DIA aviation manager Kim Day sent letters July 14 to 97 companies with contracts worth at least $250,000 each, asking them to make the cuts.
“We are reviewing our entire cost structure to find possible savings that will reduce the fees charged to airlines,” Day wrote.
“We are asking all of our contractors to reduce their billing rates to the airport by 5% until the price of oil returns to a rational level. All of the savings realized will flow to the airlines,” she wrote.
DIA spokesman Chuck Cannon said the reductions are voluntary. He said he did not know if any contractors had responded.

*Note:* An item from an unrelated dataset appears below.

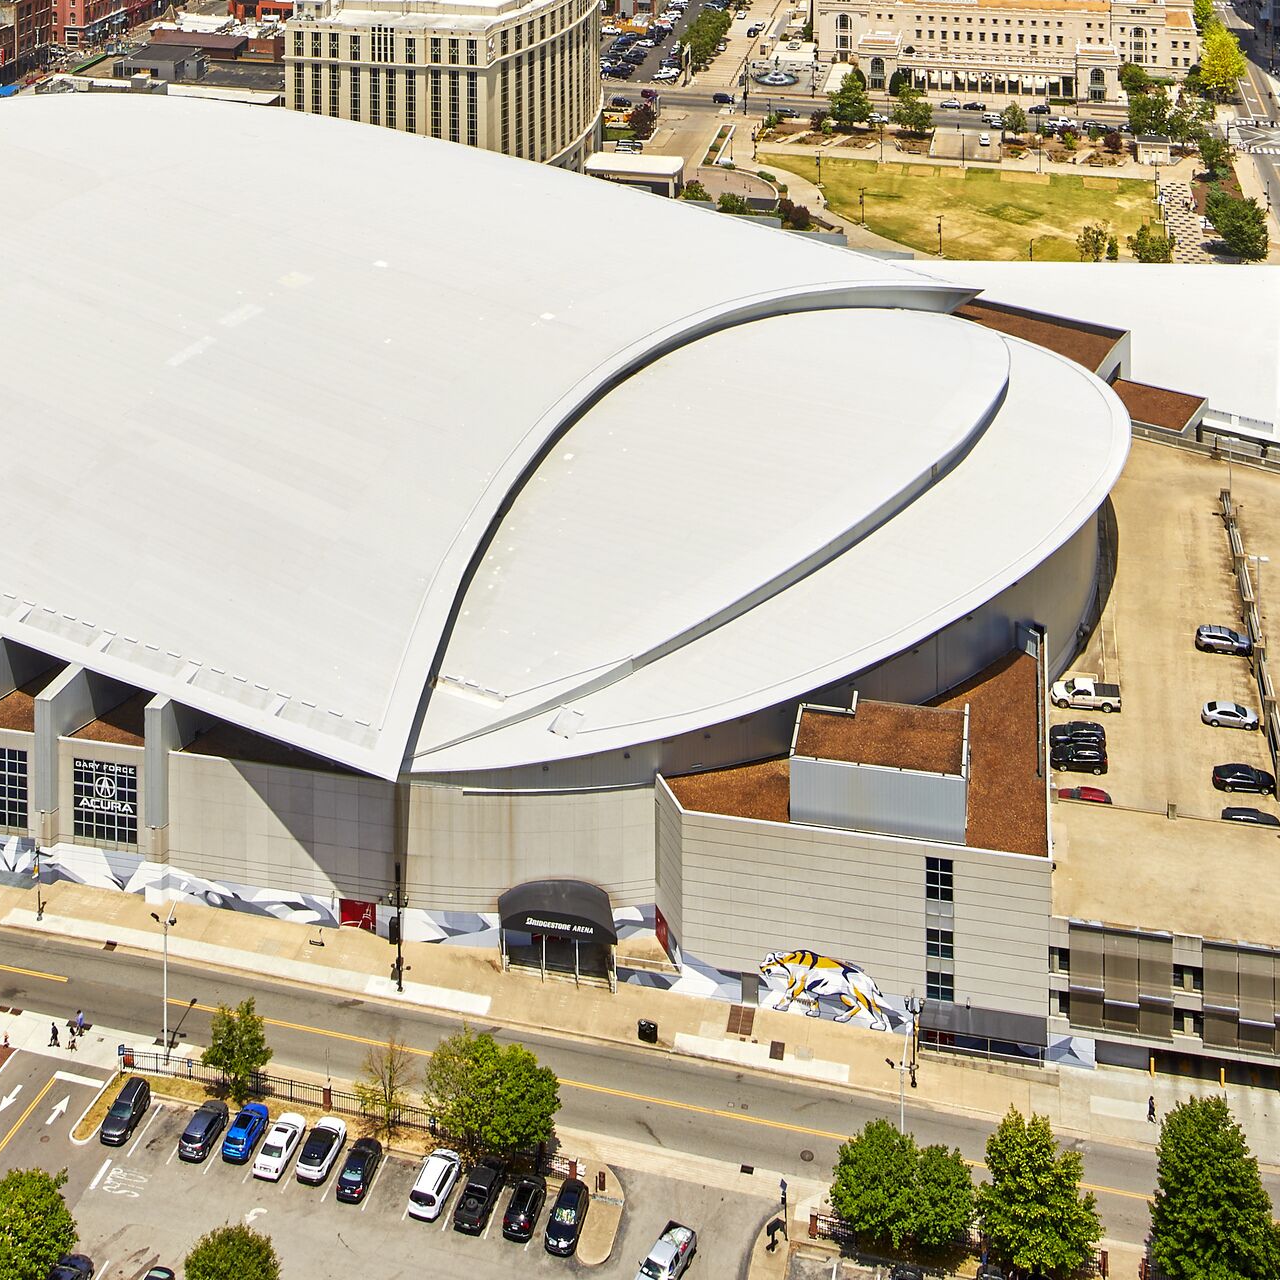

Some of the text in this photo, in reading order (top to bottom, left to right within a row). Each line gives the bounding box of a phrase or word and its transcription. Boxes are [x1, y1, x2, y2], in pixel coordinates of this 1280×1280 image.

[75, 761, 135, 774] GARY FORCE
[79, 798, 133, 813] ACURA
[525, 917, 594, 934] BRIDGESTONE ARENA

One contractor who received the letter called it “absurd.”
“We’re already out there on a competitive basis, and our costs are going up, so how can we give anything back? It just doesn’t make sense,” said Joe Bosco, owner of Bosco Constructors Inc. of Arapahoe County.
“If we took 5 percent off our contracts, that’s our profit,” he said. “It seems absurd.”
Bosco’s company recently completed work on airport bathrooms and ceilings that is worth $4.5 million to $6 million, he said.
DIA officials say the airport itself is in strong financial shape. But as airlines trim their flight schedules this fall, airport revenue and income will decline.
This year, DIA has earned net operating income of about $80 million, which it split with airlines operating at the airport. A 15 percent decline in flights and passenger traffic could reduce that number significantly.
Denver-based Frontier Airlines, the second- busiest carrier at DIA, is in bankruptcy protection.